[Annotated photo localization data]
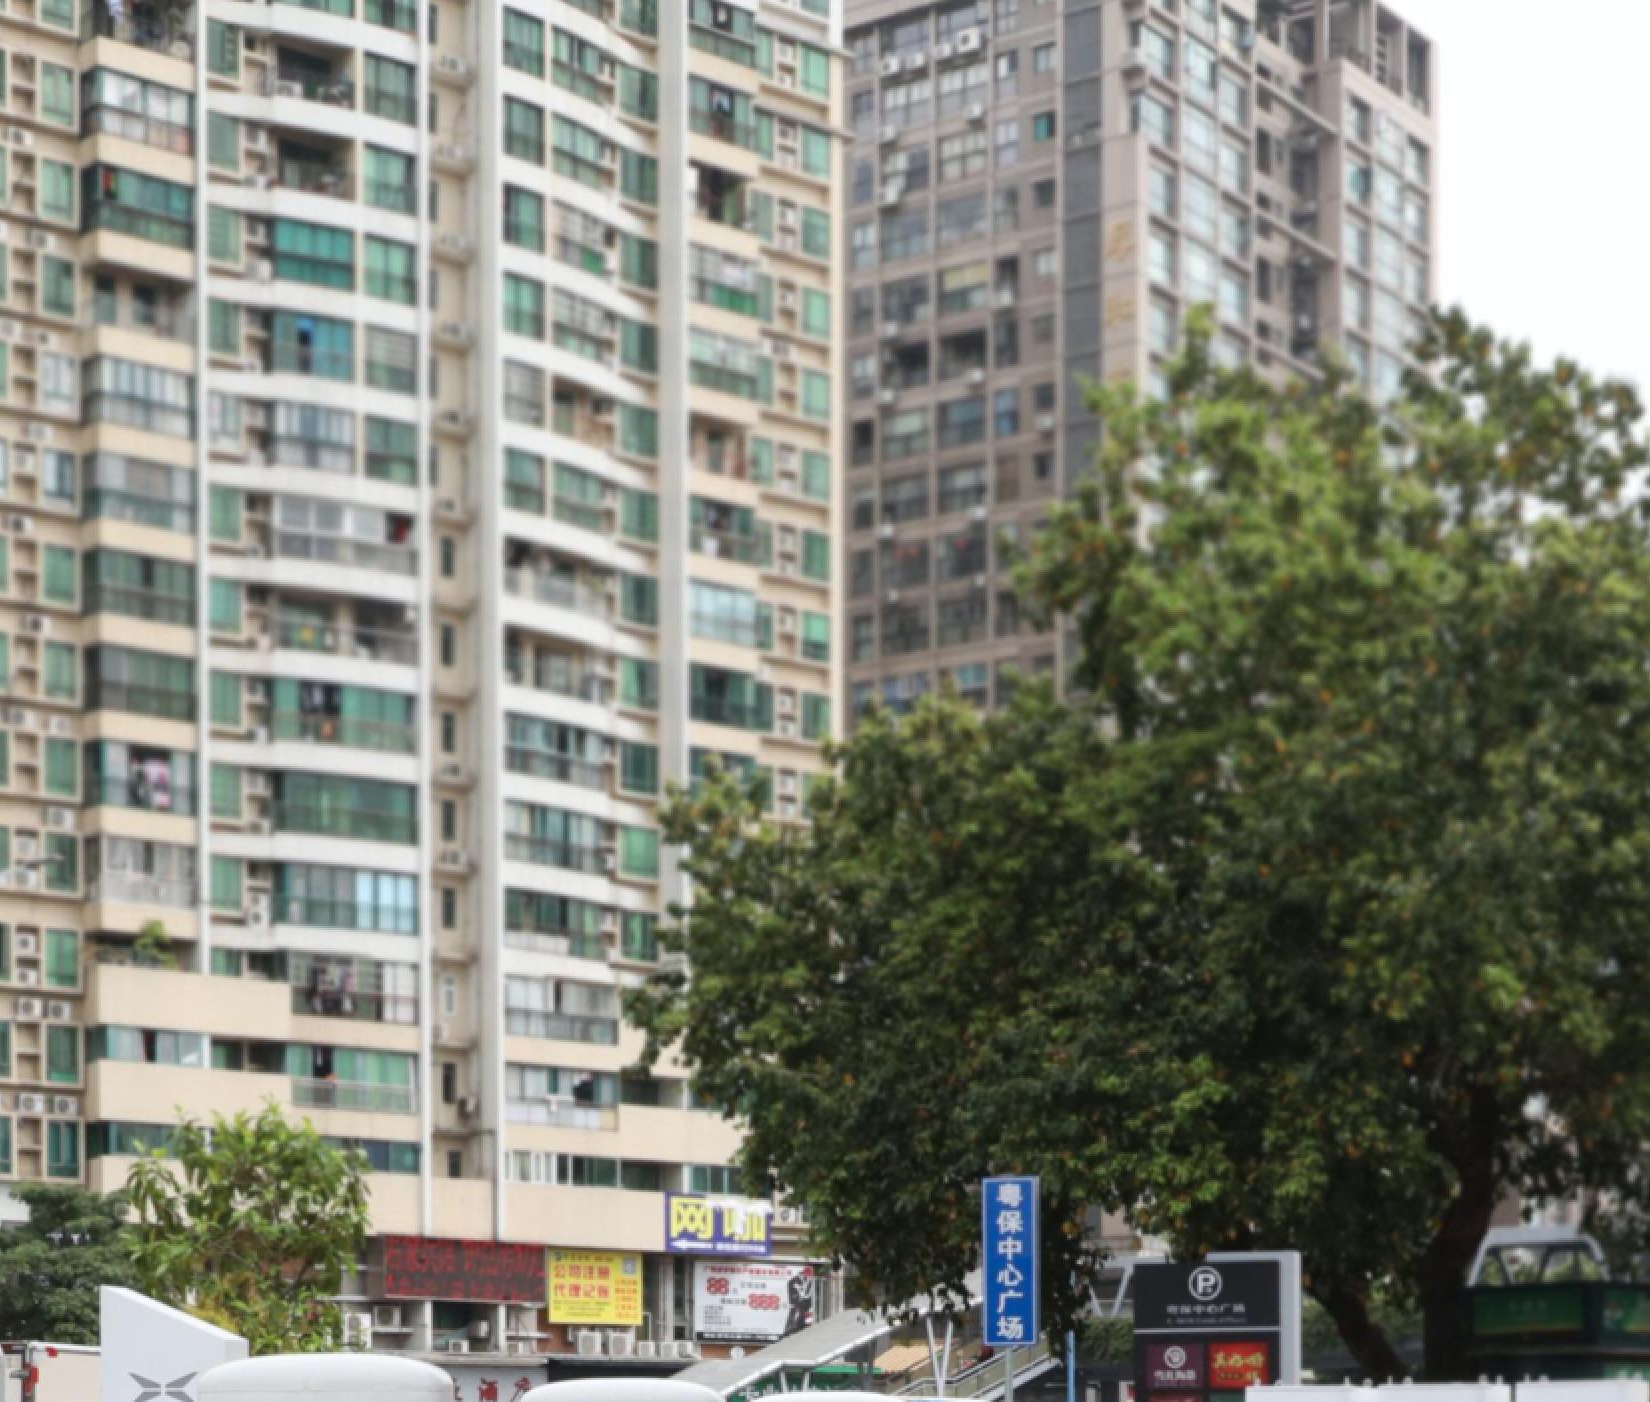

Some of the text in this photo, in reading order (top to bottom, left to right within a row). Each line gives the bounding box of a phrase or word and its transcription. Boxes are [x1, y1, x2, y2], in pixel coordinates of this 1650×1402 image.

[997, 1183, 1024, 1340] 粤保中心广场
[554, 1263, 610, 1280] 公司注册
[553, 1283, 610, 1299] 代理记账
[706, 1276, 729, 1295] 88
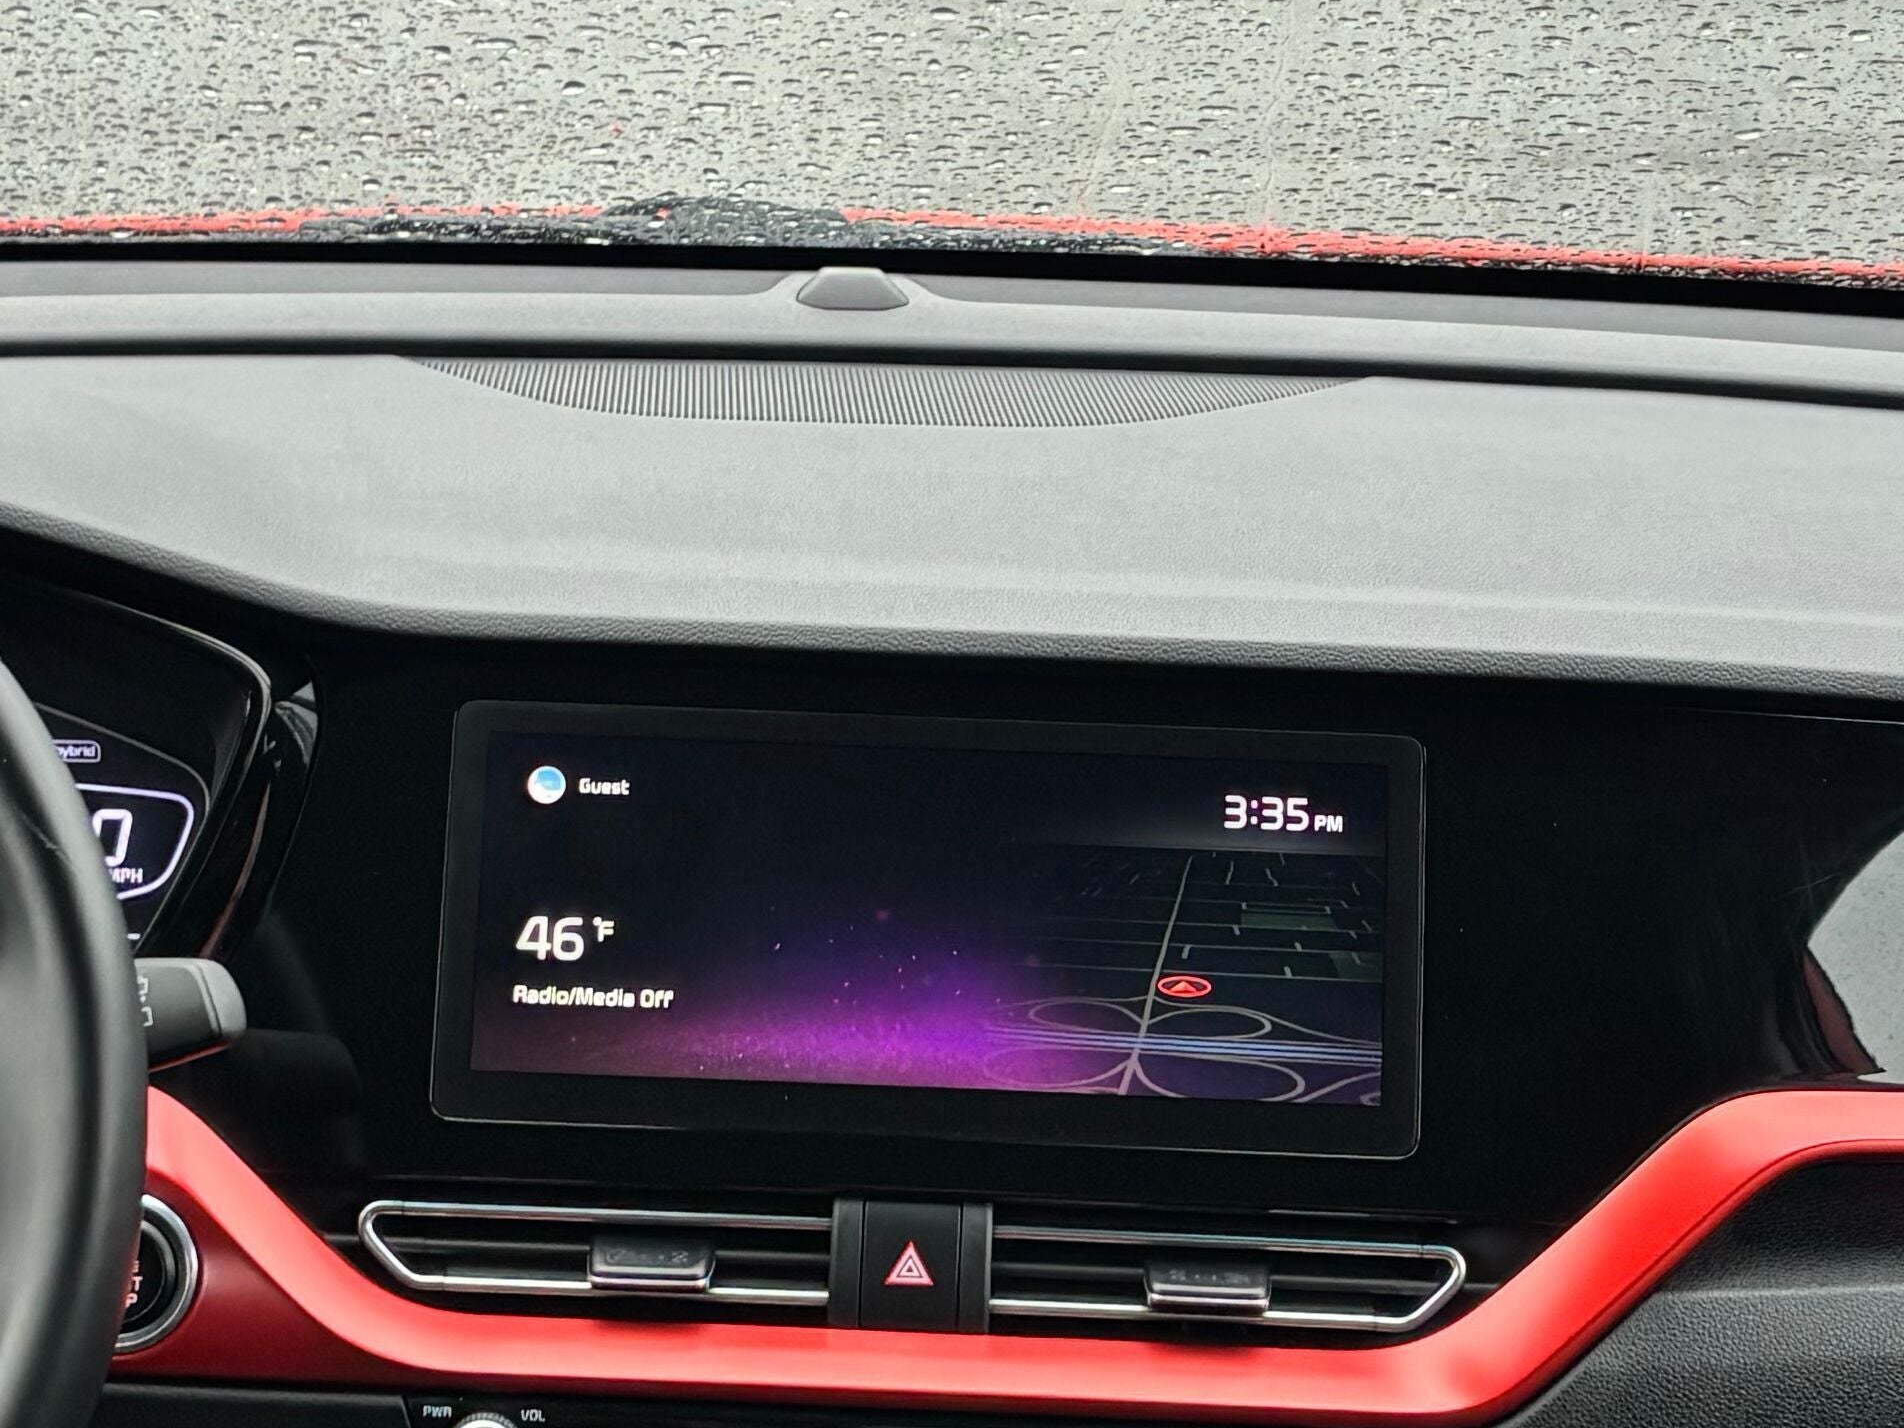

Exercise:
If a record contains a picture, drop the picture and repeat the rest exactly.

Solution to this exercise:
Some of the text in this photo, in reading order (top to bottom, left to right within a row). Each line gives the bounding box of a phrase or word and its transcription. Boxes are [x1, y1, x2, y2], in pixel coordinates of this 1650×1402 image.

[997, 1183, 1024, 1340] 粤保中心广场
[554, 1263, 610, 1280] 公司注册
[553, 1283, 610, 1299] 代理记账
[706, 1276, 729, 1295] 88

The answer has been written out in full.